El título que encabeza este apunte es, más que un jueguito de palabras, un énfasis.
¿De qué? De una práctica cada vez menos frecuente en el mundo contemporáneo: la de subrayar libros.
En efecto, subrayo aquí que siempre subrayo los libros que voy leyendo, y a tanto ha llegado esta obsesión que sin un lápiz a la mano me resulta imposible —sí, imposible— leer.
Casi una superstición, es verdad, pero mientras me acerco a una página se prende el foco ámbar: ¿y si hay algo, una frase, una palabra, una errata, una fecha que merezca ser subrayada y no hay lápiz? No me la juego.
El lápiz es como la llave para poner en marcha el acto de leer, y sin tal llave no hay lectura.
Sé, porque lo he conversado, que hay lectores ajenos a esta práctica, amigos a los que horroriza cualquier mácula infligida al papel como marca en el recorrido.
Sólo les doy la razón en ciertos casos: cuando entre los renglones y en los márgenes se atiborran palabra y rayones, en un caso, o cuando, esto también para mi horror, cuando se usan marcadores, bolígrafos o plumones fosfo.
Como comprador habitual en librerías de viejo, he desistido de adquirir títulos al ver marcas indelebles, rayones que rompen de manera a veces brutal con la belleza tipográfica.
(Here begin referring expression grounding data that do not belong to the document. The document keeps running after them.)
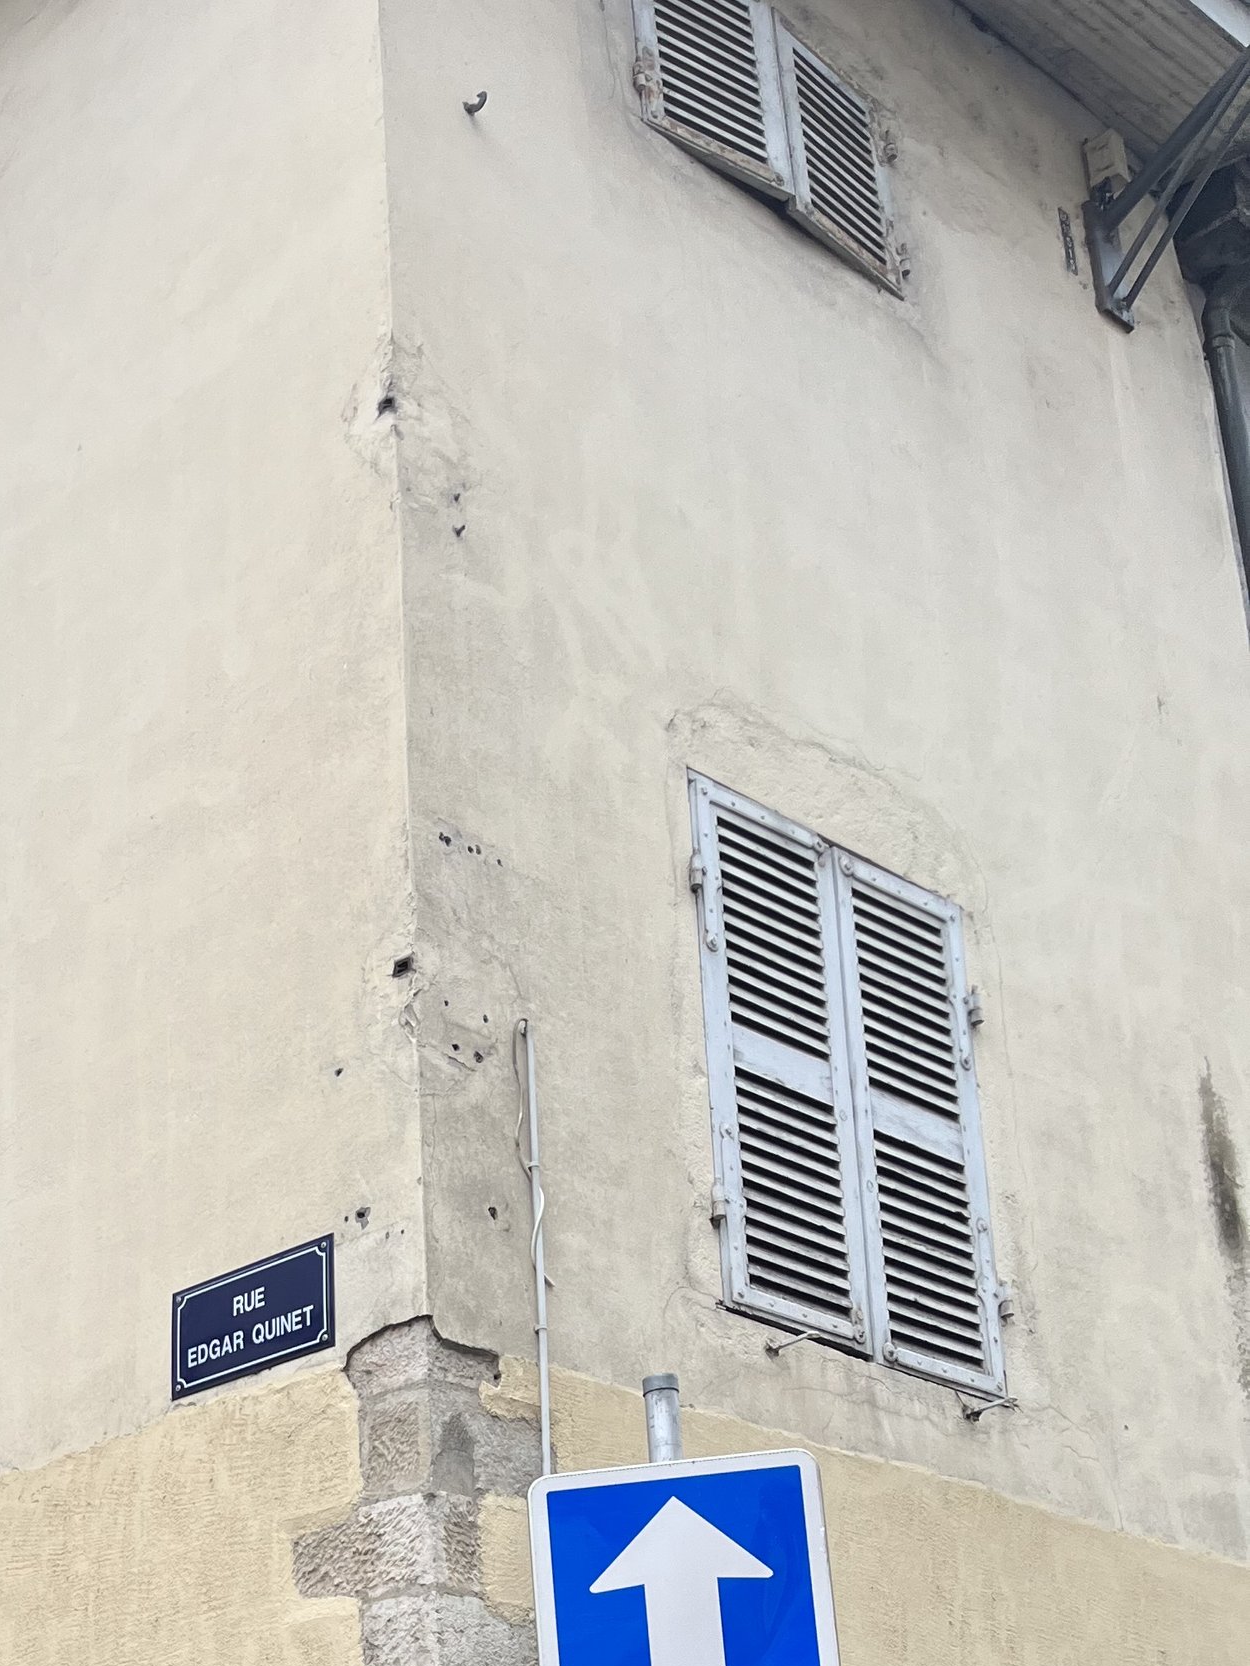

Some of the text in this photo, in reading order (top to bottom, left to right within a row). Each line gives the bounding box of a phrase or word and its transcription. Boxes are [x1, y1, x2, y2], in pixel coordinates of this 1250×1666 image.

[233, 1287, 265, 1317] RUE
[187, 1305, 314, 1368] EDGAR QUINET
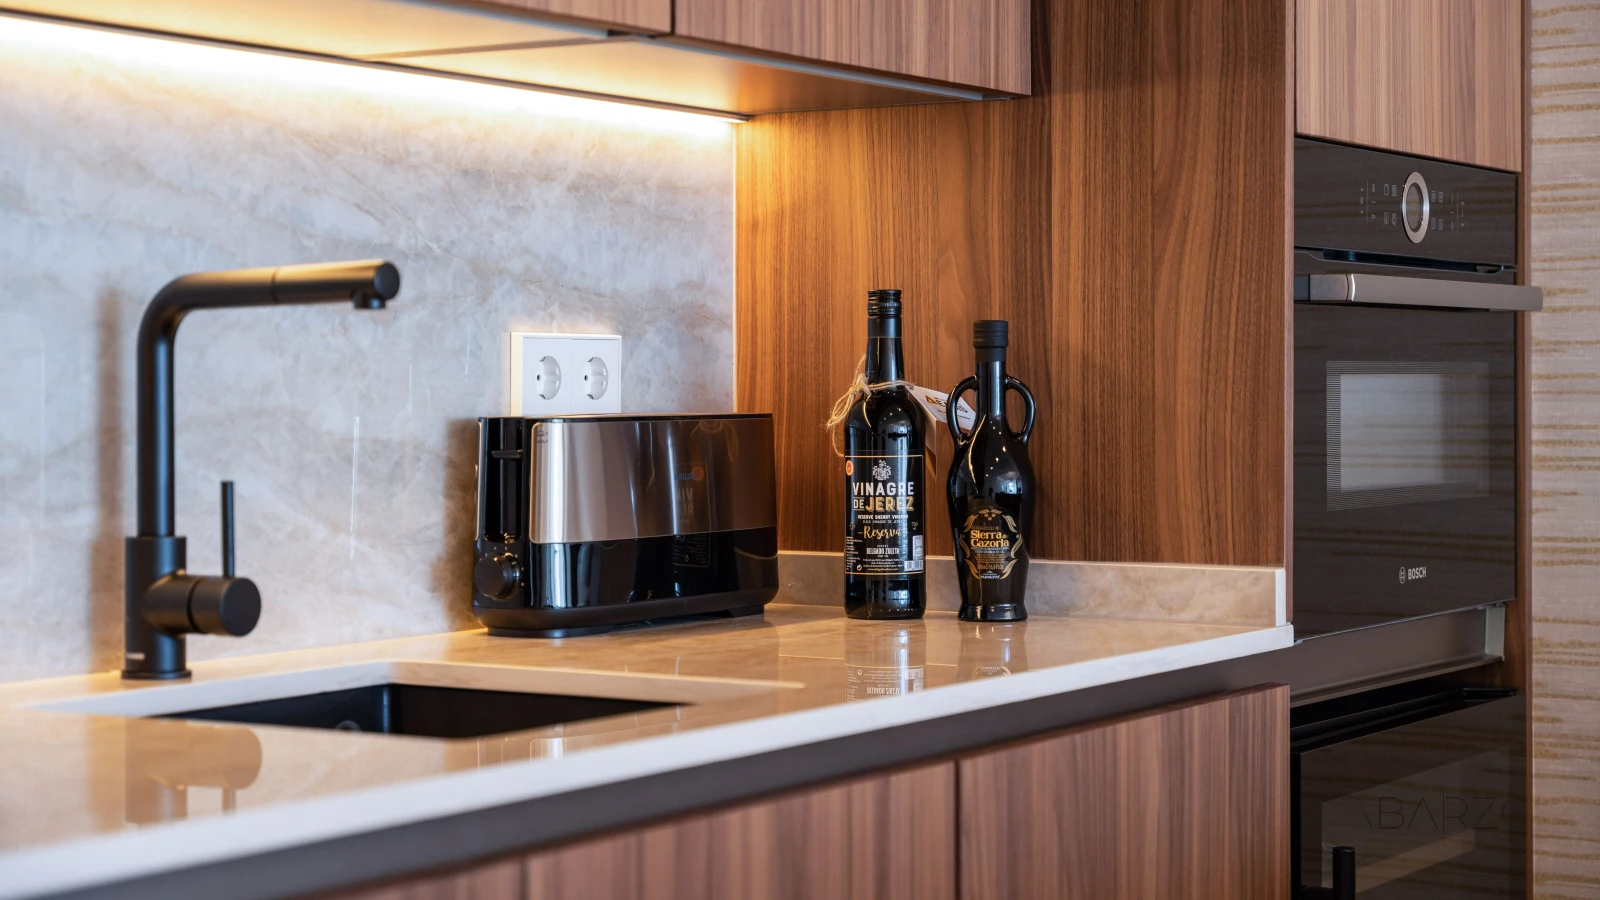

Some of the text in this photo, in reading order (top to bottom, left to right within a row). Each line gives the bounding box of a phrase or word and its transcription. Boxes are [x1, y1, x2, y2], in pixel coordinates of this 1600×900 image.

[852, 482, 914, 496] VINAGRE
[853, 496, 914, 512] DE JEREZ
[863, 525, 901, 539] Reserva
[970, 529, 1002, 540] Sierra
[970, 538, 1010, 548] Cazorla
[866, 547, 884, 555] DELGADO
[1407, 566, 1427, 580] BOSCH
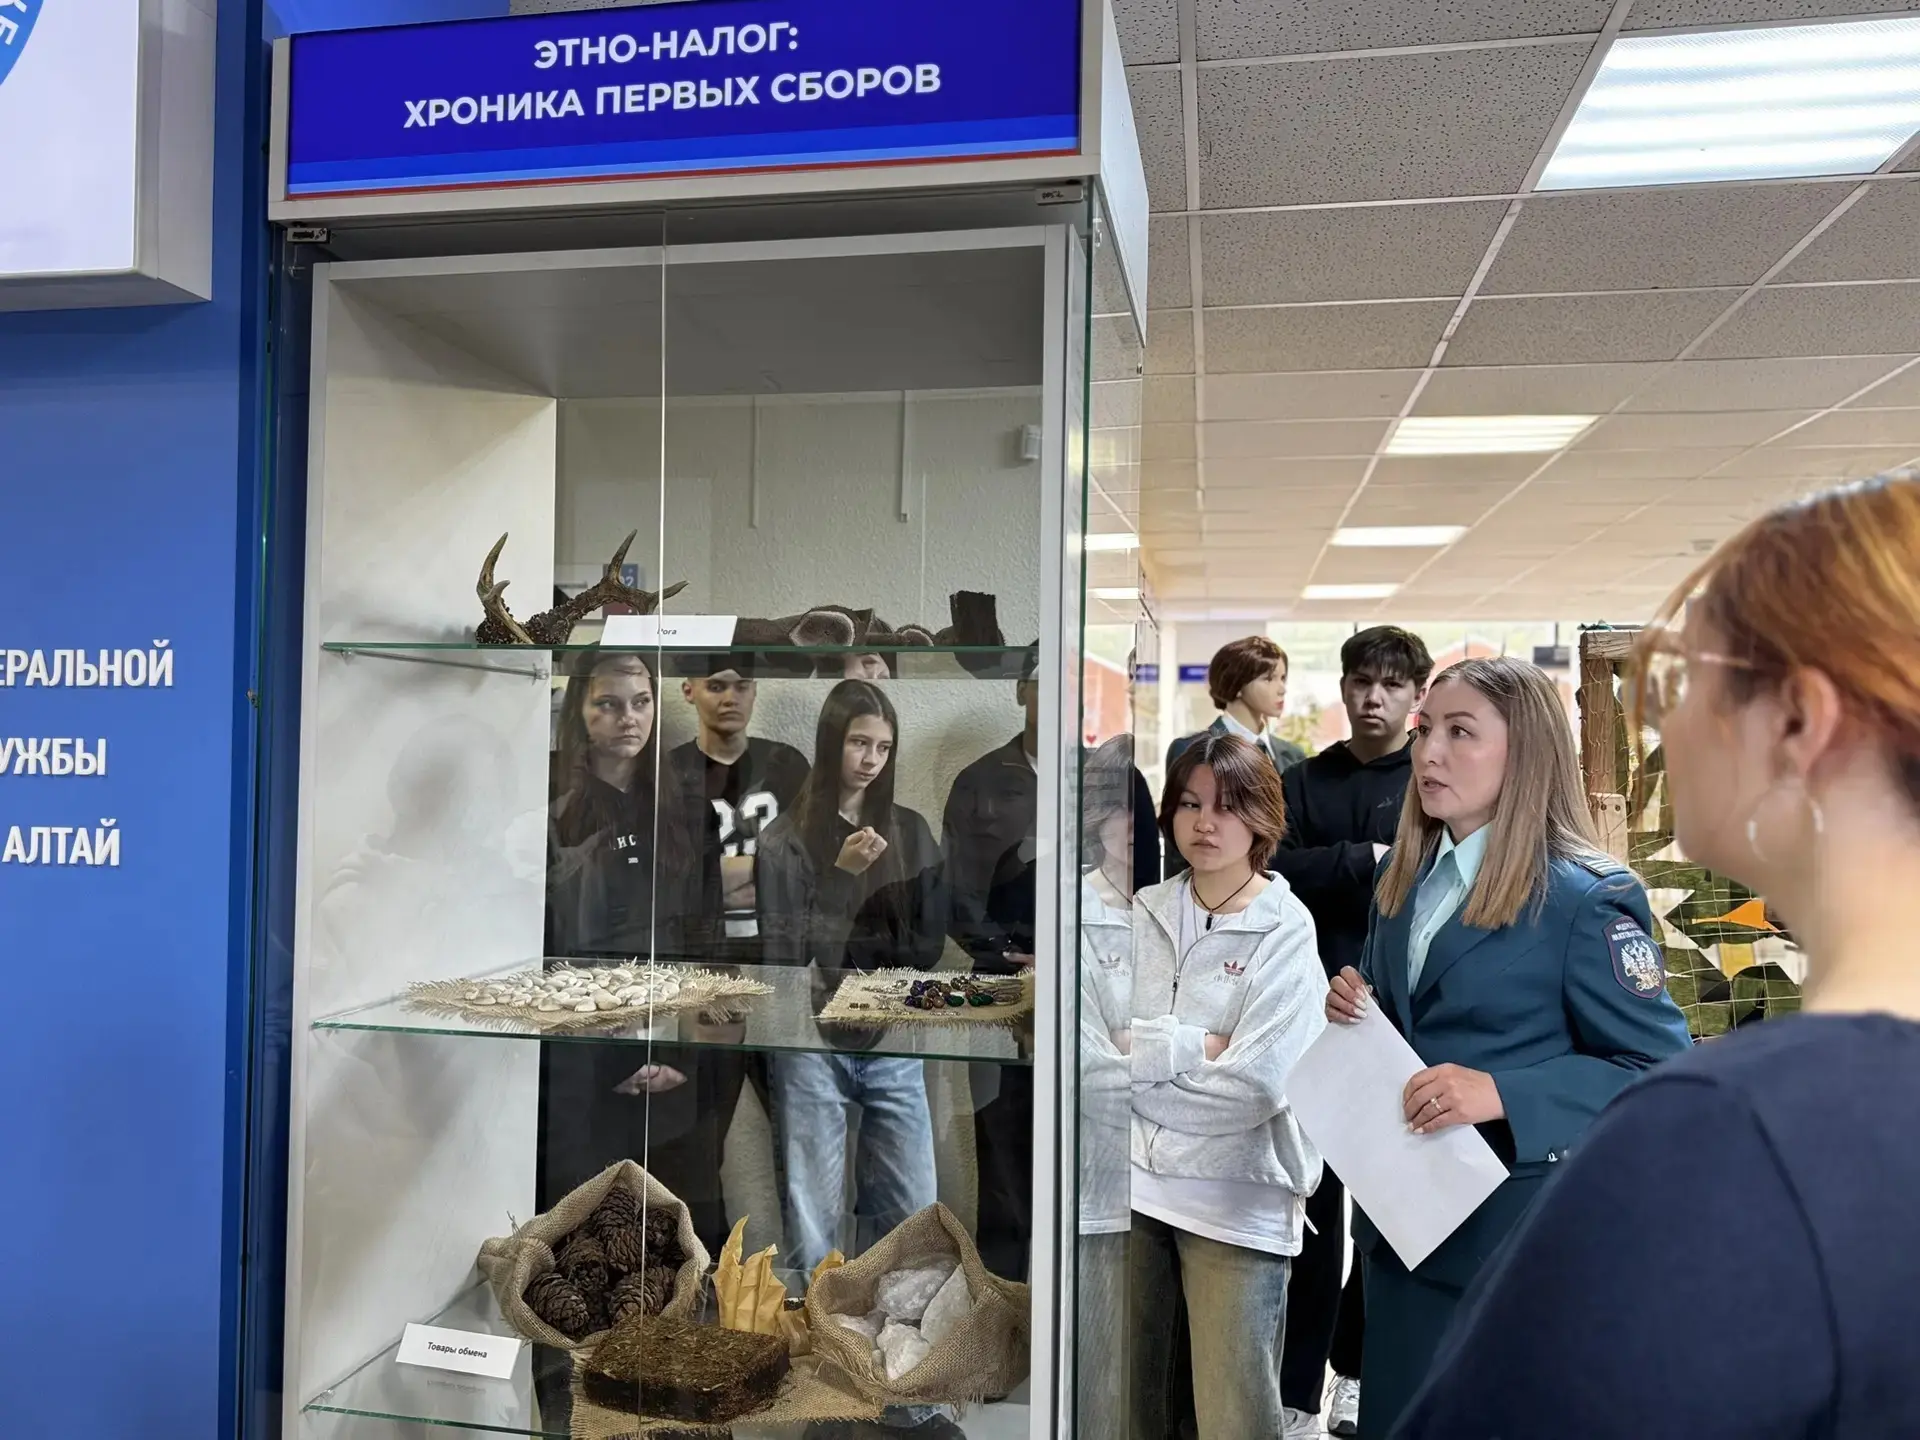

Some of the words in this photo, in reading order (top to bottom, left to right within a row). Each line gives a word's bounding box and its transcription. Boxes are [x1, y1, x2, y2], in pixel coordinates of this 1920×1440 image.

[533, 21, 798, 69] ЭТНО-НАЛОГ:
[403, 88, 585, 129] ХРОНИКА
[596, 75, 761, 115] ПЕРВЫХ
[770, 63, 942, 103] СБОРОВ
[1, 817, 121, 867] АЛТАЙ
[427, 1341, 457, 1354] Товары
[458, 1347, 488, 1359] обмена
Mi política, por esto, es dejar vestigios de la lectura, pero sutiles y siempre impuestos con lápiz para que, sin mucho batallar, algún lector futuro, que estoy seguro llegará, tenga la posibilidad de borrar mis trazos y dejar el libro incólume, casi virgen.
Mi obsesión por subrayar, por leer con lápiz a la vista, no viene de tan lejos.
Data de hace quince o veinte años, más o menos.
He tratado de explicarme esto como una consecuencia de la edad:
mientras fui o me sentí joven creí que la memoria haría buen registro de lo leído, pero llegó un momento en el que sospeché su infalible falibilidad.
Y así, sin notarlo, caí en la adicción del lápiz, en el empleo del grafito como terquedad, casi como amuleto.
Como escribo frecuentemente sobre lo que leo y como mi memoria ya es muy poco hospitalaria, las leves marcas me permiten detectar, en una hojeada rápida, los hitos, aquello que juzgué esencial en un libro, y así como para los ojos uso la muleta de los lentes, para la memoria recurro a la del lápiz: la muleta de los olvidadizos.